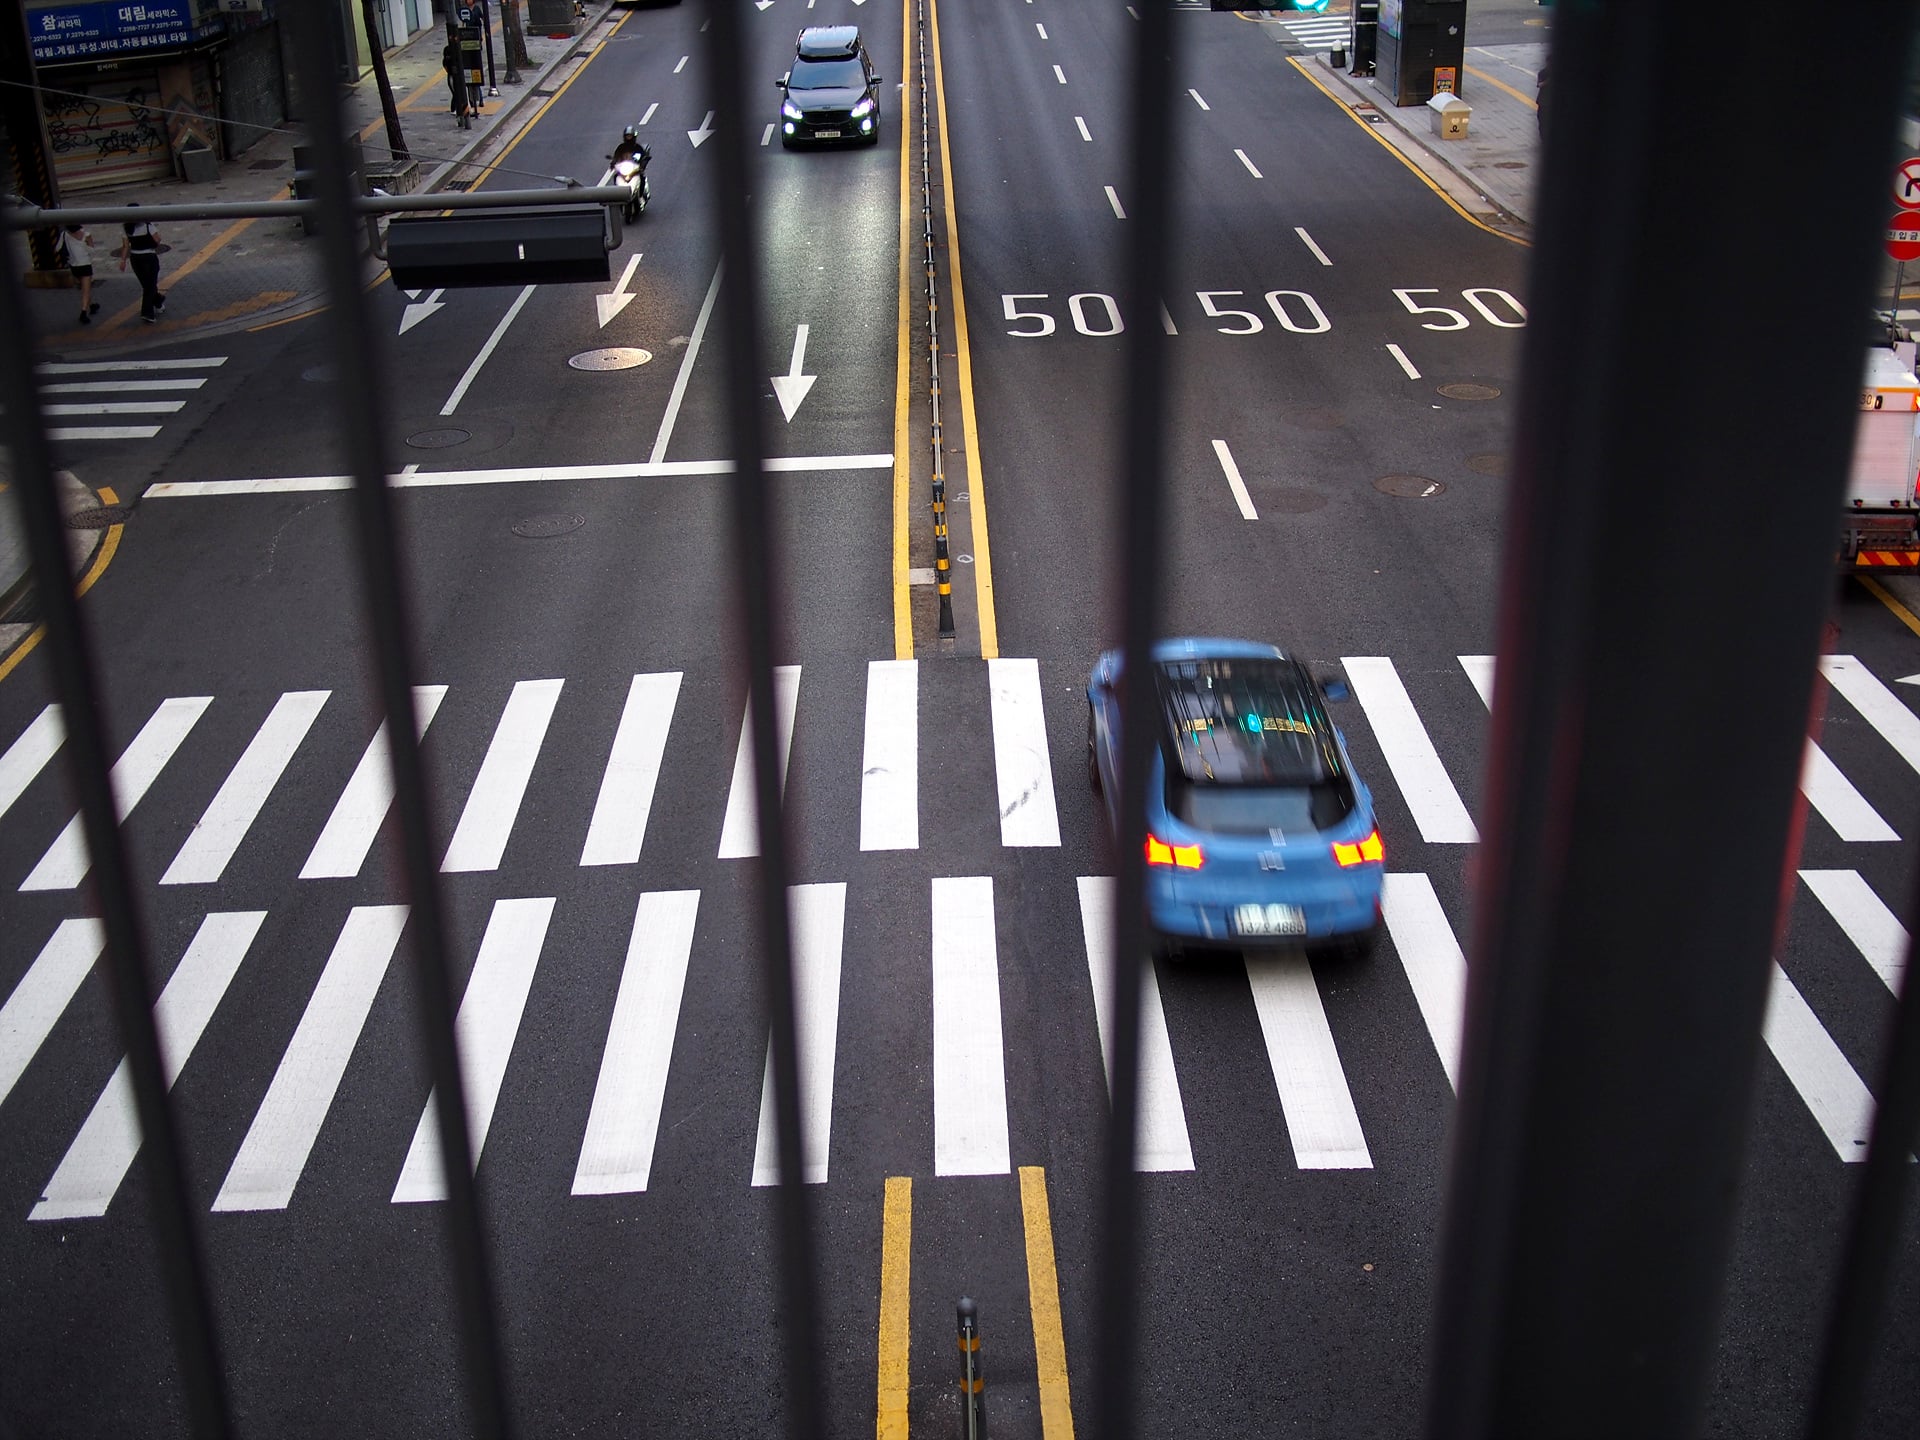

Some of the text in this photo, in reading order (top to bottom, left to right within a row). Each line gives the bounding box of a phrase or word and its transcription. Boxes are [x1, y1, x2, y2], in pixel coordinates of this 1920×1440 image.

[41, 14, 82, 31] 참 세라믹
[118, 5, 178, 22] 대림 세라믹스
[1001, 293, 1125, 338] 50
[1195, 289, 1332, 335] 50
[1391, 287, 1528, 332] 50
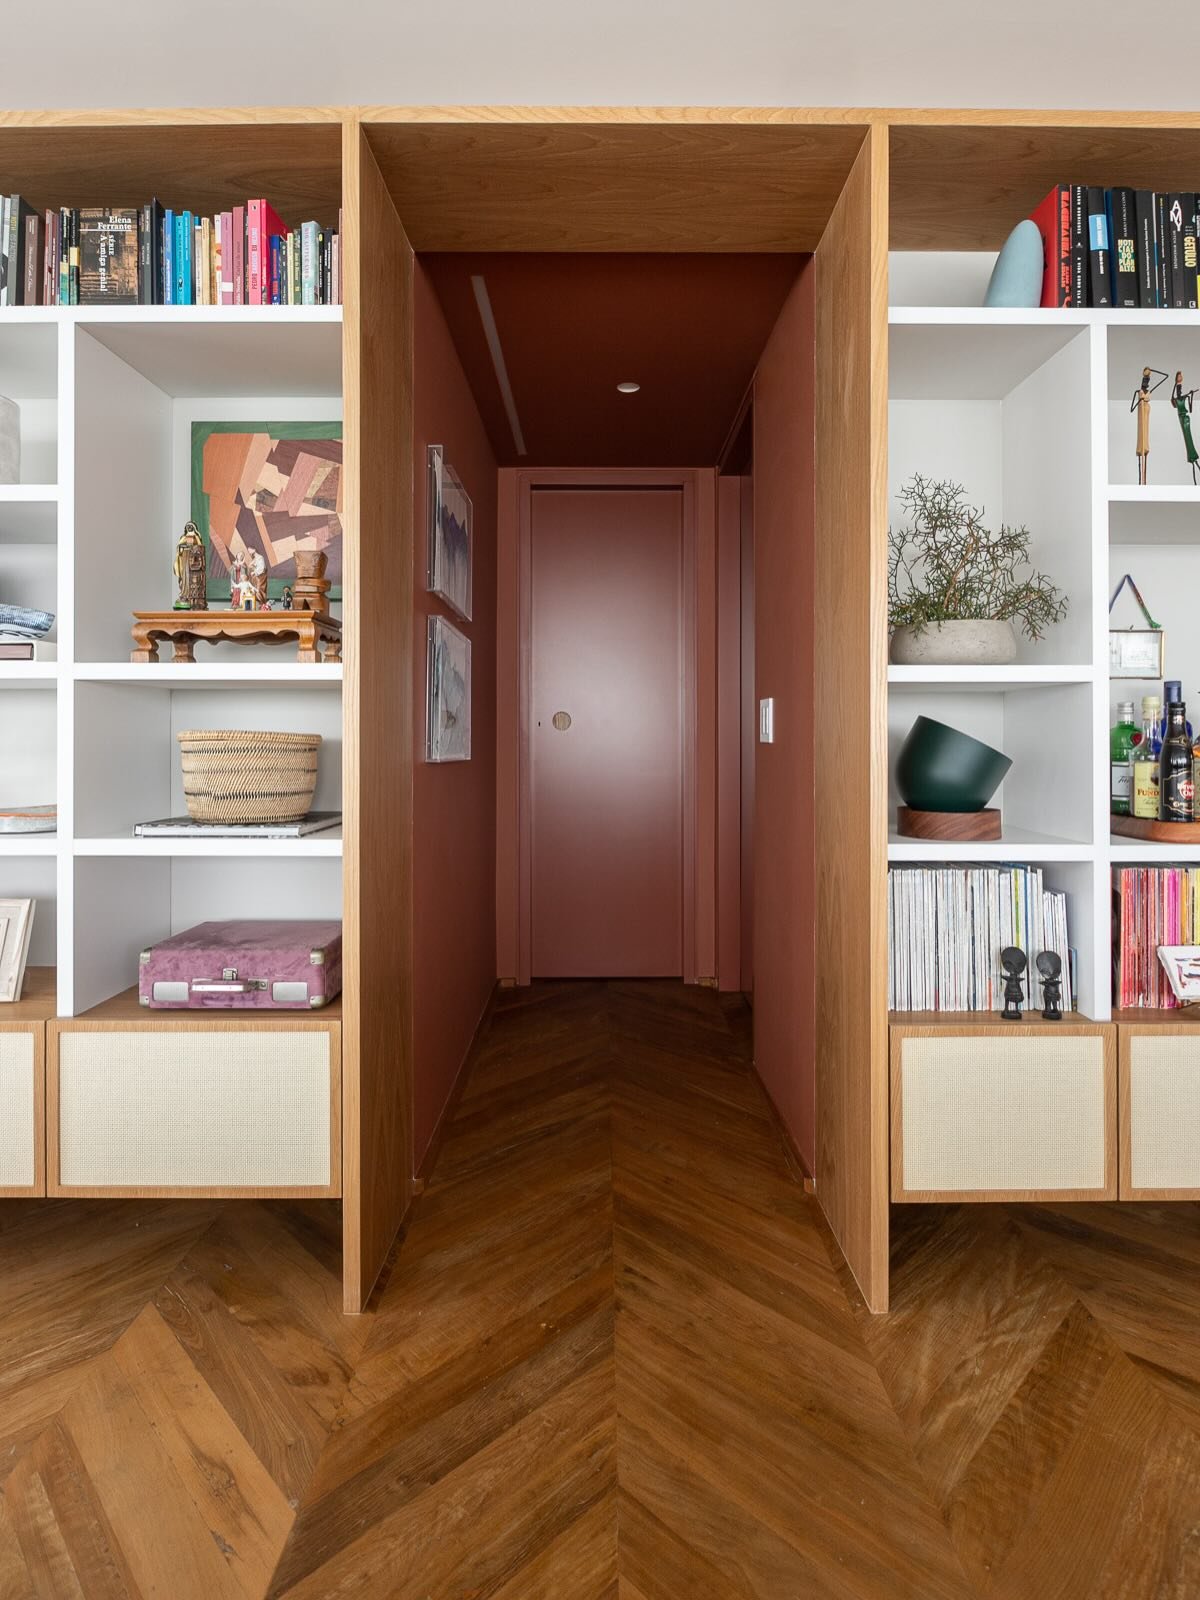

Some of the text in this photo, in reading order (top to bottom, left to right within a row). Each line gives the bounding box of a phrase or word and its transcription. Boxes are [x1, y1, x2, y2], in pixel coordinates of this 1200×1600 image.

+ + + + + + +

» What you need to do: Exclude the images, then output the data above word for word.

» Solution for this task:
Some of the text in this photo, in reading order (top to bottom, left to right within a row). Each line gives the bounding box of a phrase or word and its transcription. Boxes are [x1, y1, x2, y2], in pixel coordinates of this 1920×1440 image.

[41, 14, 82, 31] 참 세라믹
[118, 5, 178, 22] 대림 세라믹스
[1001, 293, 1125, 338] 50
[1195, 289, 1332, 335] 50
[1391, 287, 1528, 332] 50

Some of the text in this photo, in reading order (top to bottom, left to right within a row). Each line gives the bounding box of a phrase or word and its transcription. Boxes are [x1, y1, x2, y2], in pixel coordinates of this 1200×1600 image.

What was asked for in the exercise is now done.